(Work to be completed):
Your answer should hold only the line containing "this 2000×1335 image." and each line that follows it in the listing, copied exactly.

(Data section):
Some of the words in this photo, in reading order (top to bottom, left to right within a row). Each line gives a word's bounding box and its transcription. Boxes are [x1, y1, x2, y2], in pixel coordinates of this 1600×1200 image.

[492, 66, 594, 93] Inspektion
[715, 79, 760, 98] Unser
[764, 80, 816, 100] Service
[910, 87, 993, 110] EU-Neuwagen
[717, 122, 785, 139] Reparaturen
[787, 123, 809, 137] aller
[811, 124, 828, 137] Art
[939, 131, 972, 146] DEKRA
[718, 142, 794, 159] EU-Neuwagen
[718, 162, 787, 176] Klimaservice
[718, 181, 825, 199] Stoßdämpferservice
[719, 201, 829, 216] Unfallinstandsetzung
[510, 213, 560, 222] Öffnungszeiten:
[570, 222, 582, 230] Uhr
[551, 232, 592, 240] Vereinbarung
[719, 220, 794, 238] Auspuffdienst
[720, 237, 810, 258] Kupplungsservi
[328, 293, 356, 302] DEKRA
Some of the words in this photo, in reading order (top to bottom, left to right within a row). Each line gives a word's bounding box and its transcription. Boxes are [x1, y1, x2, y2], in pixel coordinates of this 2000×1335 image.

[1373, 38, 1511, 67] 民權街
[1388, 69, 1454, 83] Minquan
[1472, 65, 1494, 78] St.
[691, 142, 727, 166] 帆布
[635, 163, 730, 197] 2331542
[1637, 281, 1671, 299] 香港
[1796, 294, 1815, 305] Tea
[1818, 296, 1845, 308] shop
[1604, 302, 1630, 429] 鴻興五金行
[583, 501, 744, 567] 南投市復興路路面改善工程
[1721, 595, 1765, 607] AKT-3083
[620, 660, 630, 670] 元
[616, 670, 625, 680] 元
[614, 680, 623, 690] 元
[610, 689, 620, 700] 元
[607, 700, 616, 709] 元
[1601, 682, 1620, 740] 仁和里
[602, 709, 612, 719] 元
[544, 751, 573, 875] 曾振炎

(Response to the task):
Some of the words in this photo, in reading order (top to bottom, left to right within a row). Each line gives a word's bounding box and its transcription. Boxes are [x1, y1, x2, y2], in pixel coordinates of this 2000×1335 image.

[1373, 38, 1511, 67] 民權街
[1388, 69, 1454, 83] Minquan
[1472, 65, 1494, 78] St.
[691, 142, 727, 166] 帆布
[635, 163, 730, 197] 2331542
[1637, 281, 1671, 299] 香港
[1796, 294, 1815, 305] Tea
[1818, 296, 1845, 308] shop
[1604, 302, 1630, 429] 鴻興五金行
[583, 501, 744, 567] 南投市復興路路面改善工程
[1721, 595, 1765, 607] AKT-3083
[620, 660, 630, 670] 元
[616, 670, 625, 680] 元
[614, 680, 623, 690] 元
[610, 689, 620, 700] 元
[607, 700, 616, 709] 元
[1601, 682, 1620, 740] 仁和里
[602, 709, 612, 719] 元
[544, 751, 573, 875] 曾振炎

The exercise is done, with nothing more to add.